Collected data
*** Begin section ***

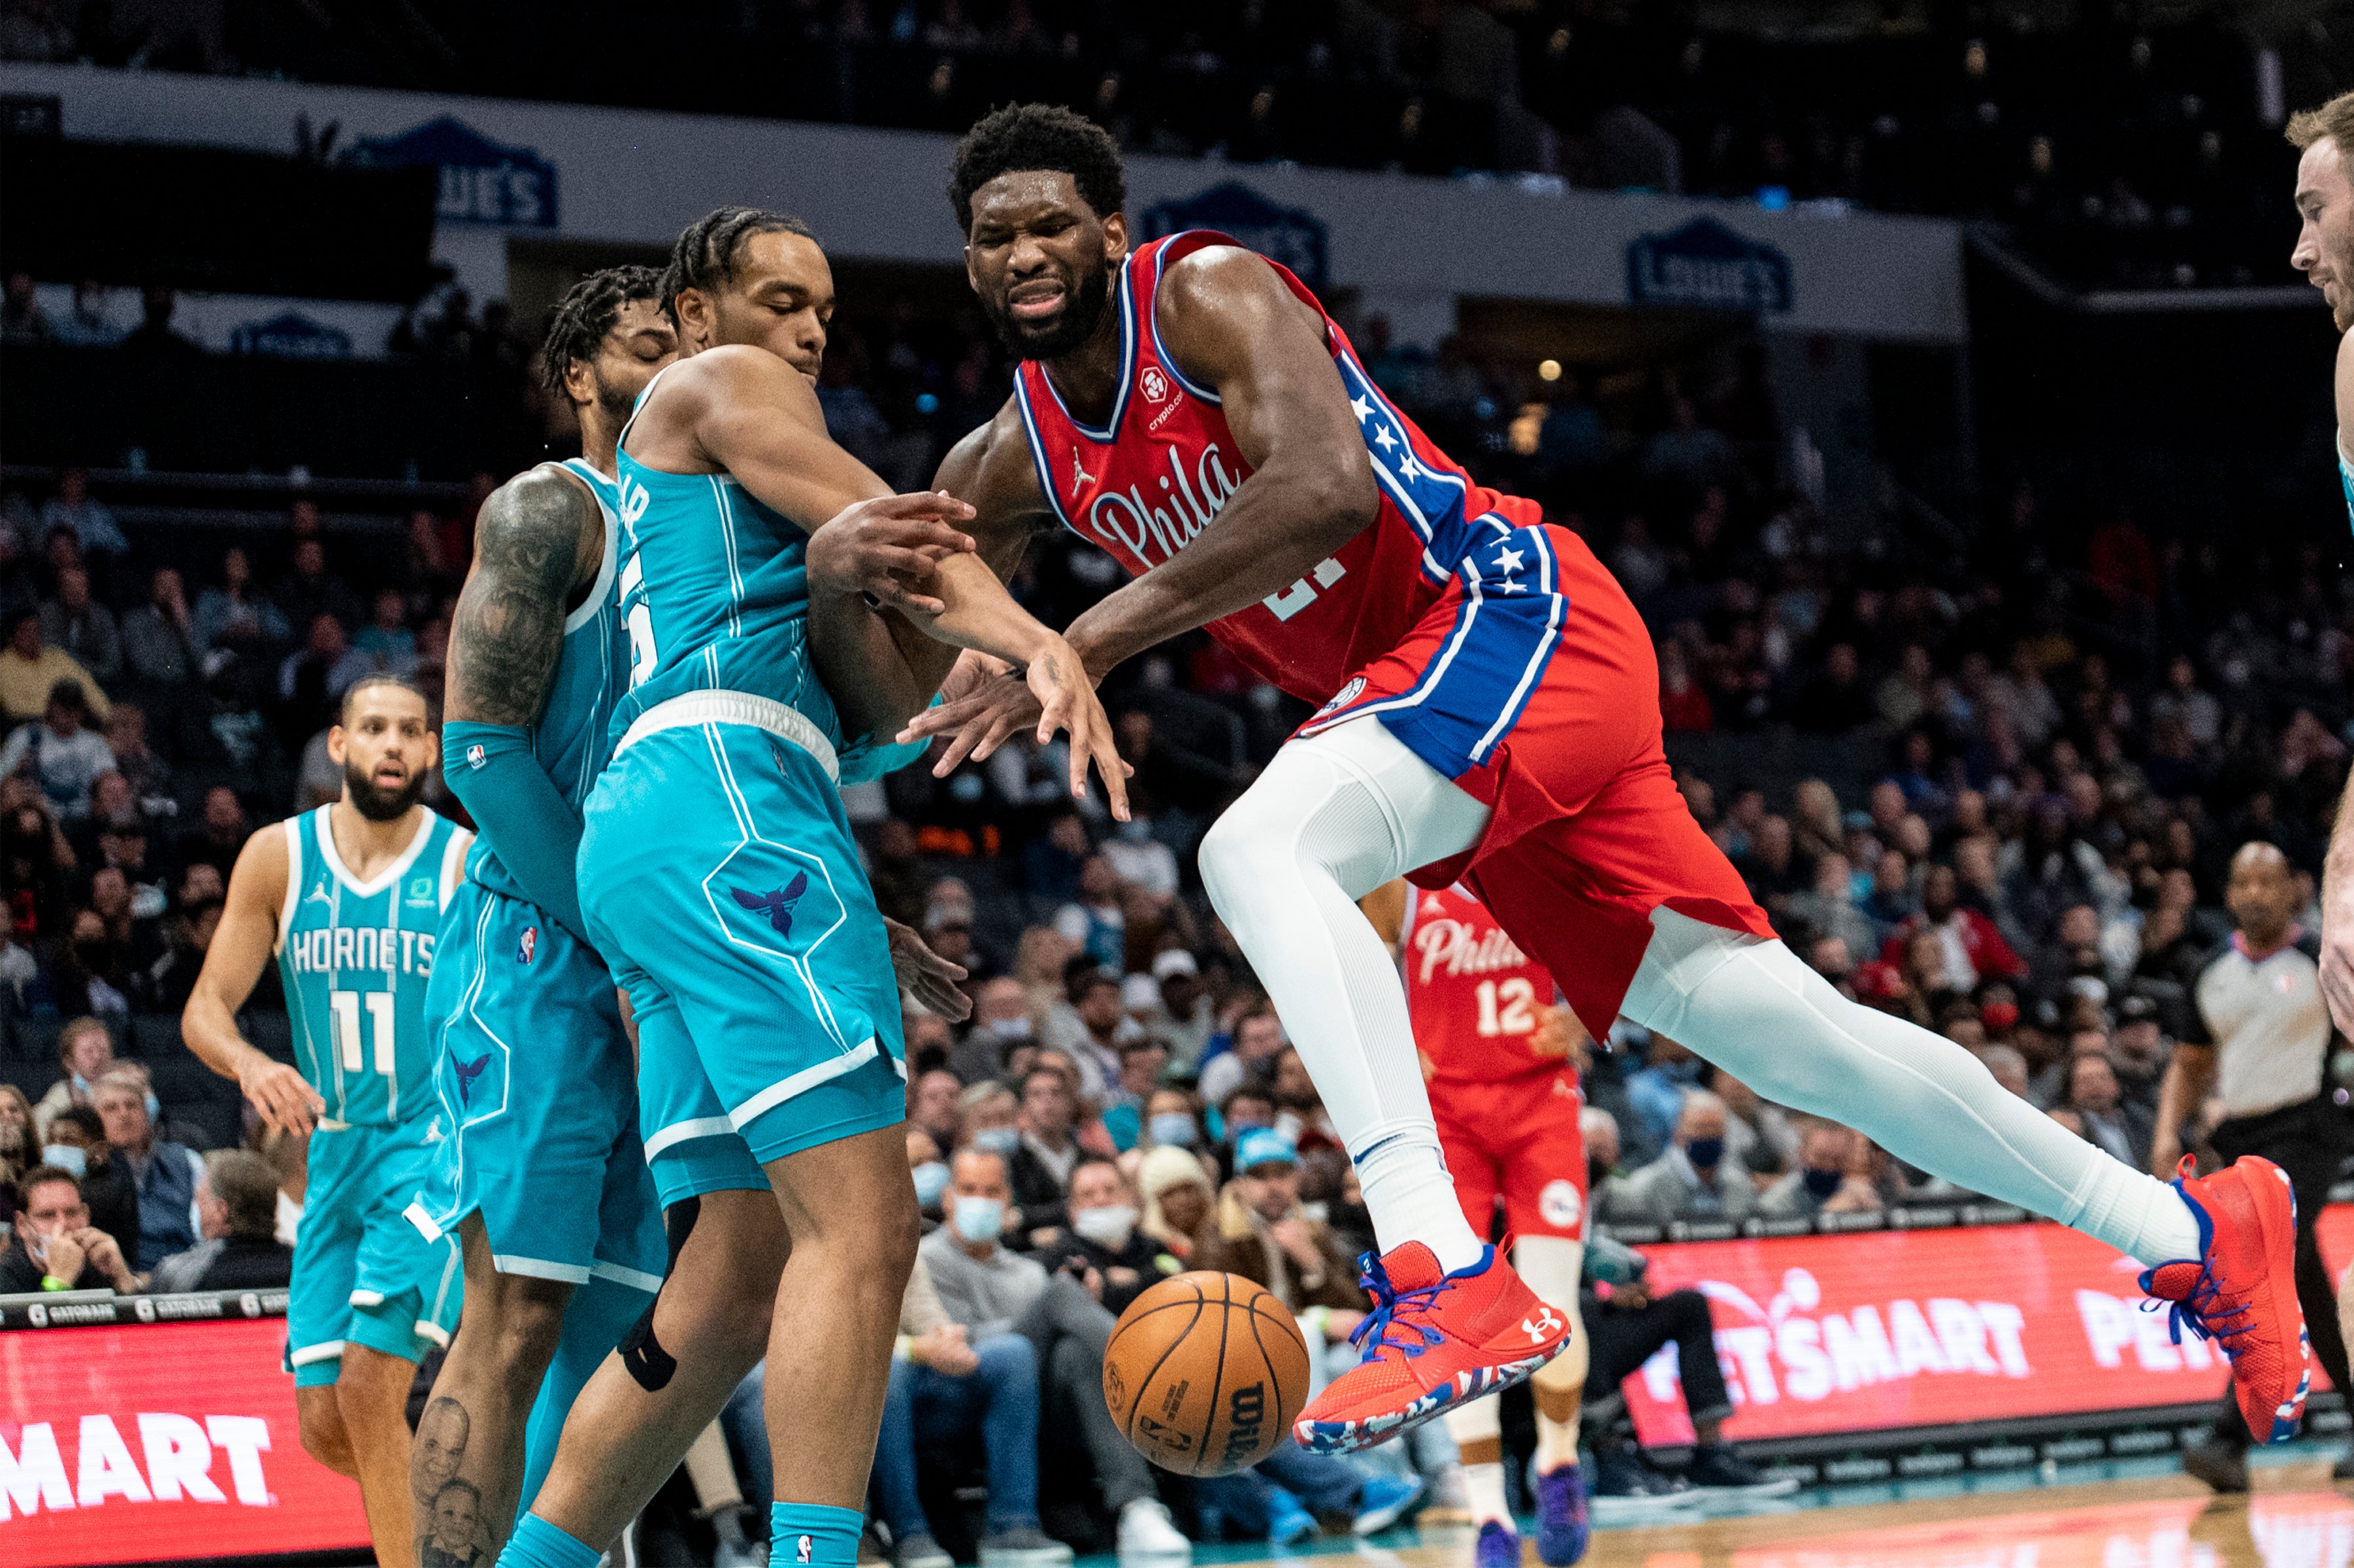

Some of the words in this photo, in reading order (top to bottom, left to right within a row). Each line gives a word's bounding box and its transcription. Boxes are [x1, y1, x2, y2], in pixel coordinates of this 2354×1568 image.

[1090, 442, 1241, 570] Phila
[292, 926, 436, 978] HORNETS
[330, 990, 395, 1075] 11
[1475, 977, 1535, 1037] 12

*** End section ***

What you are asked to do:
What is needed is an exact copy of all the entries above, minus the pictures.

Response area:
Some of the words in this photo, in reading order (top to bottom, left to right within a row). Each line gives a word's bounding box and its transcription. Boxes are [x1, y1, x2, y2], in pixel coordinates of this 2354×1568 image.

[1090, 442, 1241, 570] Phila
[292, 926, 436, 978] HORNETS
[330, 990, 395, 1075] 11
[1475, 977, 1535, 1037] 12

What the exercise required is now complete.